§ **DATA TO USE**
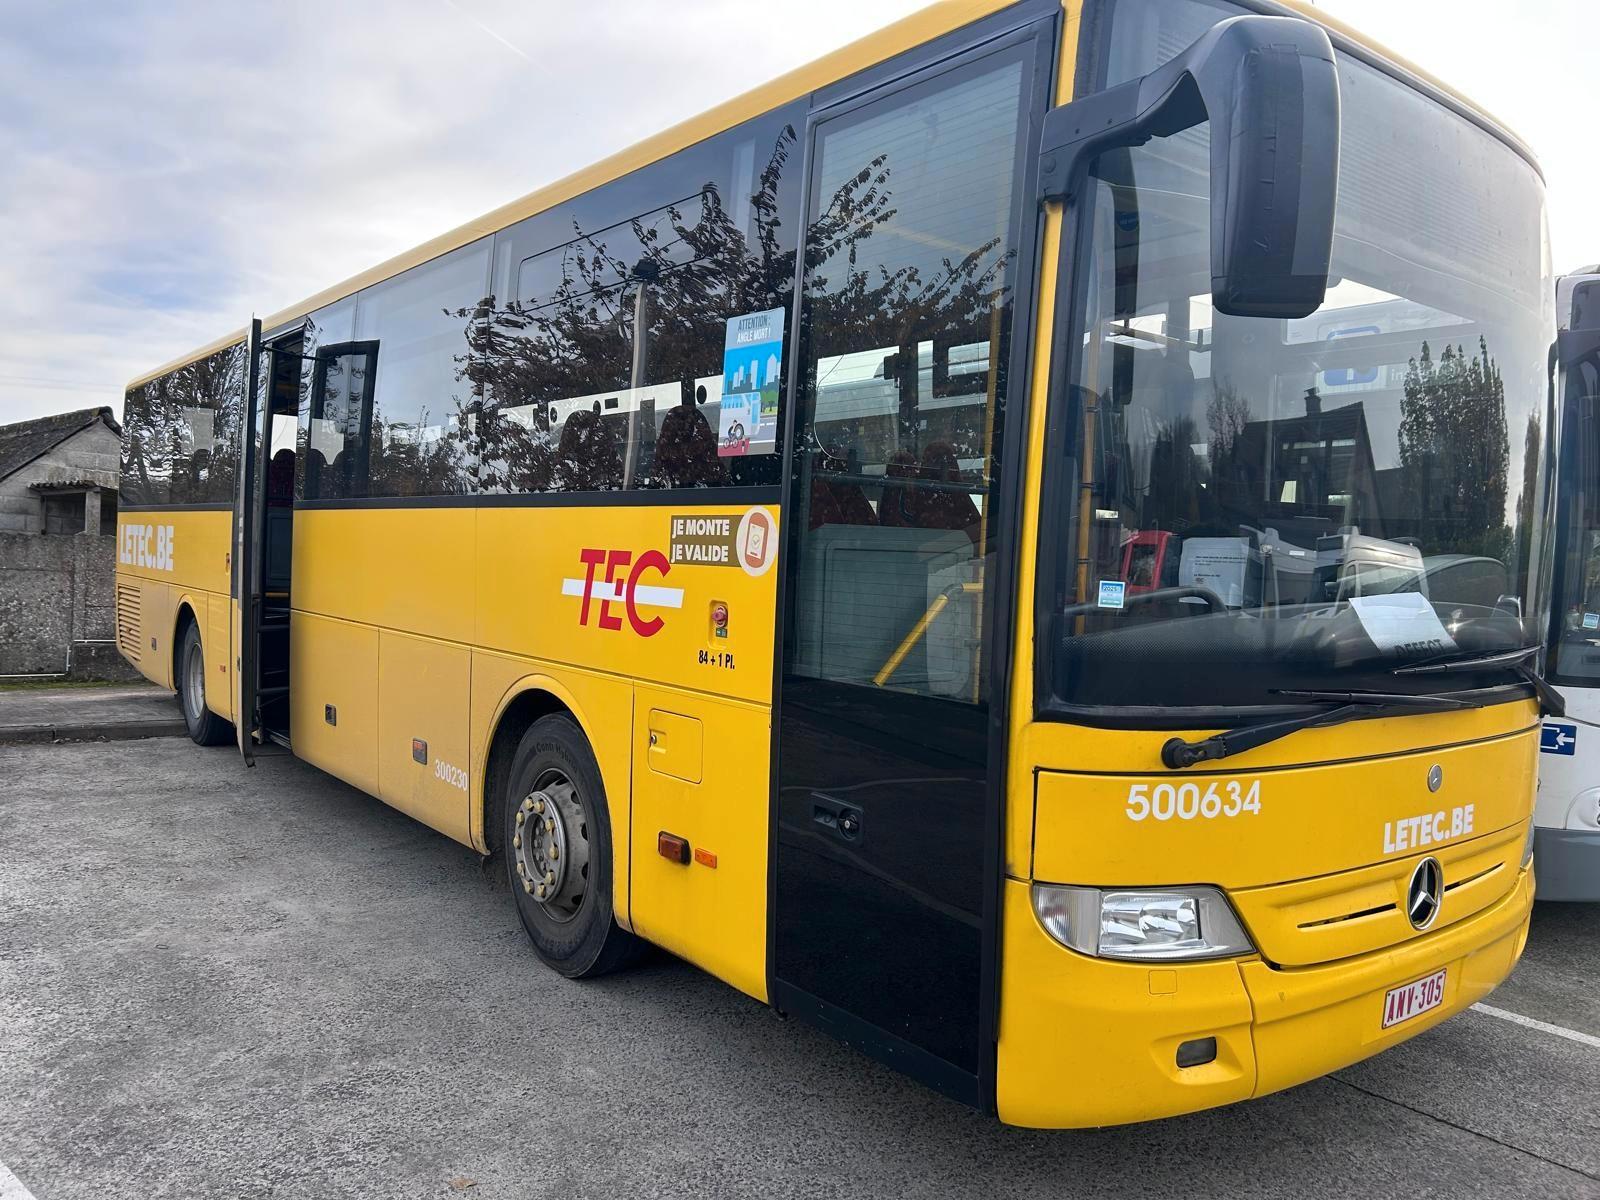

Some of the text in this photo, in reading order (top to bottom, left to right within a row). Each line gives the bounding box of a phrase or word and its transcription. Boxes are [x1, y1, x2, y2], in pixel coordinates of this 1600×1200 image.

[737, 330, 753, 345] ANGLE
[671, 519, 730, 539] JE MONTE
[119, 524, 175, 571] LETEC.BE
[670, 544, 729, 563] JE VALIDE
[579, 548, 671, 637] TEC
[698, 650, 709, 664] 84
[718, 653, 722, 667] 1
[435, 759, 467, 791] 300230
[1126, 780, 1261, 821] 500634
[1383, 804, 1474, 854] LETEC.BE

§ **EXERCISE REQUIREMENTS**
Give the records again exactly as they stand, so that only the pictures are missing.

§ **RESULT FOR THIS EXERCISE**
Some of the text in this photo, in reading order (top to bottom, left to right within a row). Each line gives the bounding box of a phrase or word and its transcription. Boxes are [x1, y1, x2, y2], in pixel coordinates of this 1600×1200 image.

[737, 330, 753, 345] ANGLE
[671, 519, 730, 539] JE MONTE
[119, 524, 175, 571] LETEC.BE
[670, 544, 729, 563] JE VALIDE
[579, 548, 671, 637] TEC
[698, 650, 709, 664] 84
[718, 653, 722, 667] 1
[435, 759, 467, 791] 300230
[1126, 780, 1261, 821] 500634
[1383, 804, 1474, 854] LETEC.BE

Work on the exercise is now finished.